Good Gone Bad (The Fallen Men 3)
“Let me go,” I demanded.
“Not gonna happen.”
“Let me go!” I screamed as another shot, this one somehow louder than the rest tore through the air.
My head jerked toward the action and I saw with startling clarity, my father, his arms around someone smaller, rock back from the impact and fall to the ground.
I screamed.
I wasn’t old enough to have a worst nightmare, but if I’d been forced to think about it before then, seeing my father fall would’ve been it. He was my idol, my favourite human on the earth, the person who’d taught me what loving even was.
Not understanding that, not needing to, I felt my entire world imploded as I watched him fall.
I screamed so long and loud without breath for well over a minute that in the end, Lionel’s arms around me, pulling me up and against his body so he could carry me away from the scene, I passed out.
And later, when I woke up on the couch at my house, King arguing with my mum in the kitchen about the fact that Dad was in the hospital and would be arrested for manslaughter and I knew that I’d been right, that my whole life had changed in the course of a Sunday morning, there was a rose on the table beside me.
I’d never held a rose before—my family weren’t exactly flowery people—so I wondered at the depth of the red petals, tightly furled but just opening in the center, a vortex as complicated as it was beautiful peeking out for me to see.
There was a sticky note stuck to the table beneath the rose.
Sorry for your loss, Rosie.
You need me, you call.
-Lionel
Then his phone number scrawled underneath.
“Almost threw that shit out,” King said, stalking into the living room with both his hands stuck in his long hair. “Shouldn’t get close to a Danner.”

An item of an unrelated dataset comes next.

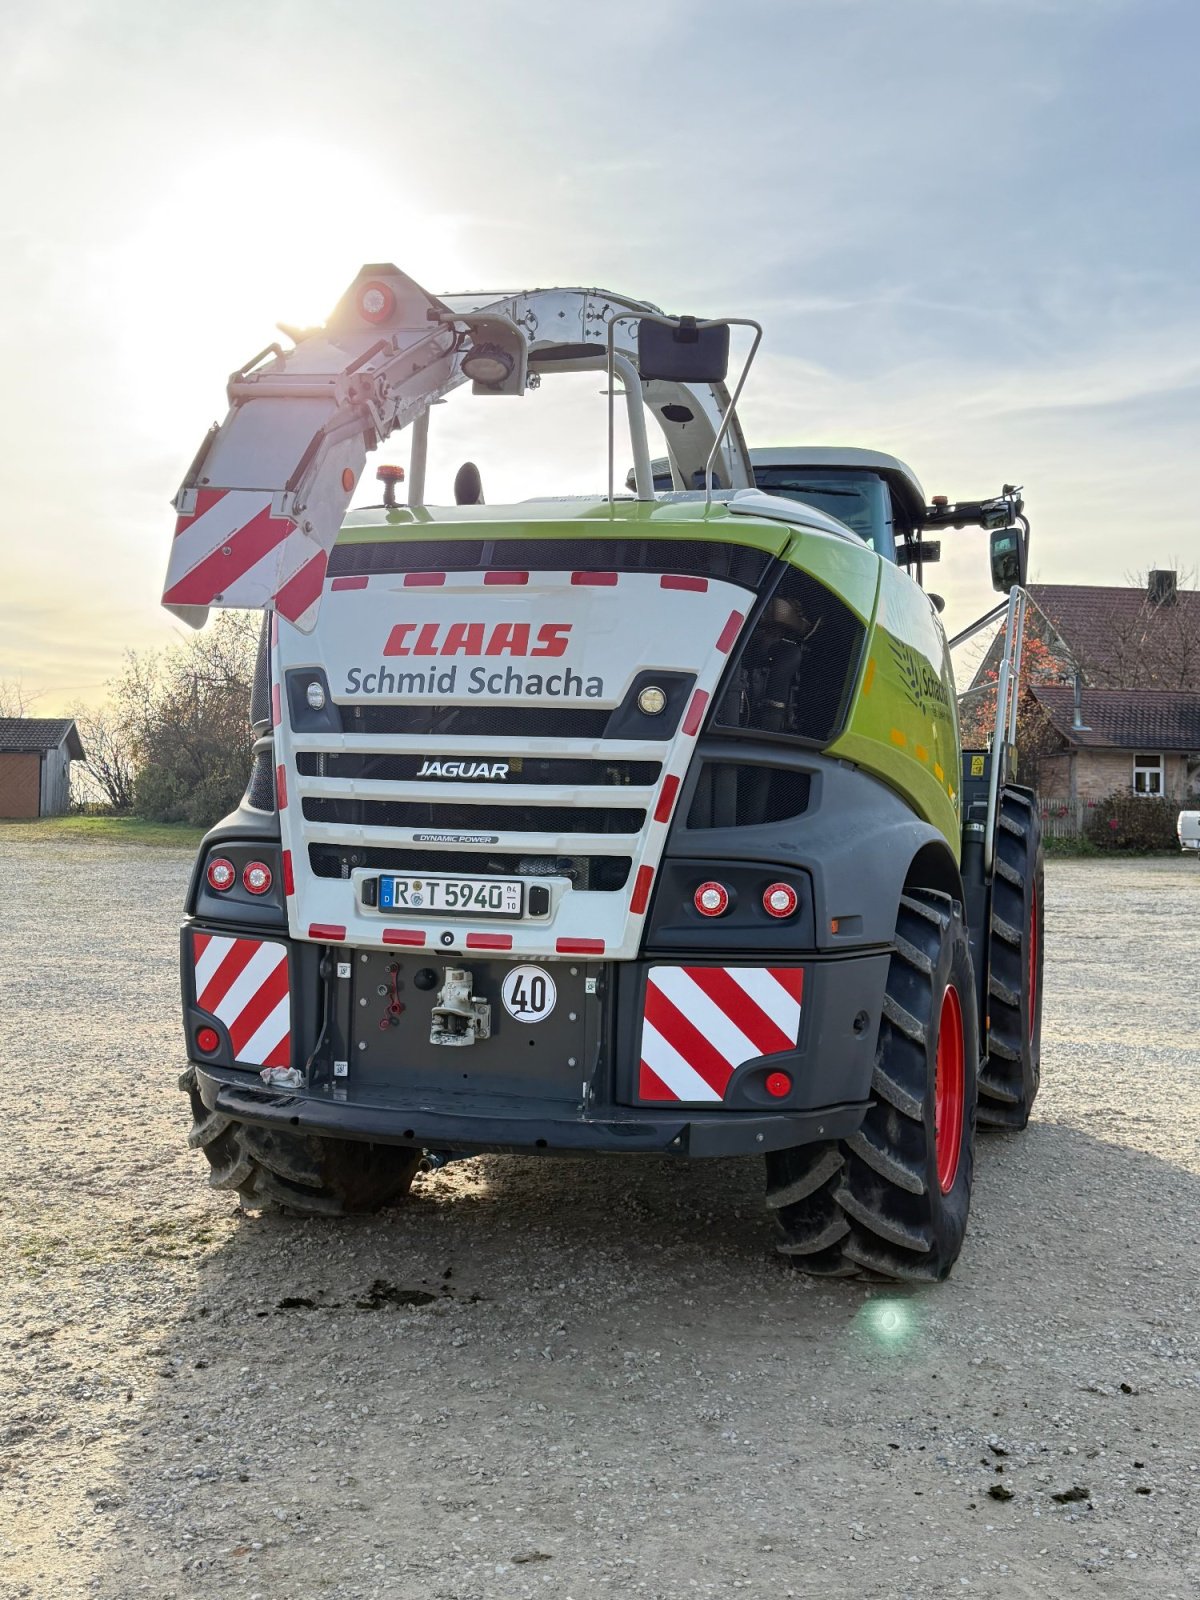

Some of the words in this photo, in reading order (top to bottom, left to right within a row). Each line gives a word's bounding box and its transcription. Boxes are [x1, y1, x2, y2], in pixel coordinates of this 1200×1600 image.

My hands automatically clenched around the rose and the note, a thorn pricking my thumb so blood smeared over the phone number.
King was smart enough to pick up on it, and he sighed as he flopped down beside me and tugged me into his arms. For the first time since I’d heard those shots, I felt like I could breathe again smelling his fresh laundry scent, feeling my brother’s arms so much stronger than mine wrapped around me.
“Kills me, but the guy was right. I can’t do much to protect you and now Dad’s,” he cleared his throat when it broke over the word, “now that he’s goin’ to prison, we gotta fend for ourselves. Want you to keep the number, H.R., and I want you to use it if you gotta, even if it means goin’ against mum and what the club stands for.”
“But,” I whispered through the tears in my throat. “The club comes first.”
“Nah,” King said, his voice so heavy with wisdom, I wondered how the words didn’t pin down his tongue. “We’re just kids. Thinkin’ we need to put ourselves first for now.”
I carefully unfolded my fingers from the crumpled note and touched my bleeding fingers to the small, block script there. My mind memorized the digits immediately and over the course of my adolescence, I would come to call that number dozens of times over, whenever I needed Lionel Danner to shield me just as he had that day from the massacre at First Light Church, but to this day, I kept that bloody Post-it note carefully folded in my wallet as a reminder of the first time he saved me.
When I woke up, it was to the smell of bacon and I knew what that meant.
My dad was there.
I hoped like hell Loulou was there too because she always had a calming effect on him and I knew he was pissed as hell at me. He’d been cool with me while I recuperated from the incident at his house in Entrance, taking me for a ride on his bike like I’d loved doing since I was a girl, touching me affectionately whenever we passed each other, and basically, giving me room to recover without getting all up in my shit about my poor choices.
Clearly, that time was over.
Hero was pressed full length to my side, his sweet chops on my thigh facing the door when I opened my eyes, but he’d turn to look at me when I lifted my head.
“Hey, buddy.” I rubbed his ears and smiled as he licked my hand. “I’m surprised you didn’t freak out at my dad breaking into my apartment.”
“He did,” Zeus Garro said from the doorway to my bedroom, his great big body taking up the entire width and height of it. “’S a good thing Lou was ’ere and the beast knew ’er or I’d be seriously chewed up by now.”
“Can’t believe I slept through that,” I muttered, looking down at Hero as he lapped at my hand happily, totally at ease with my dad.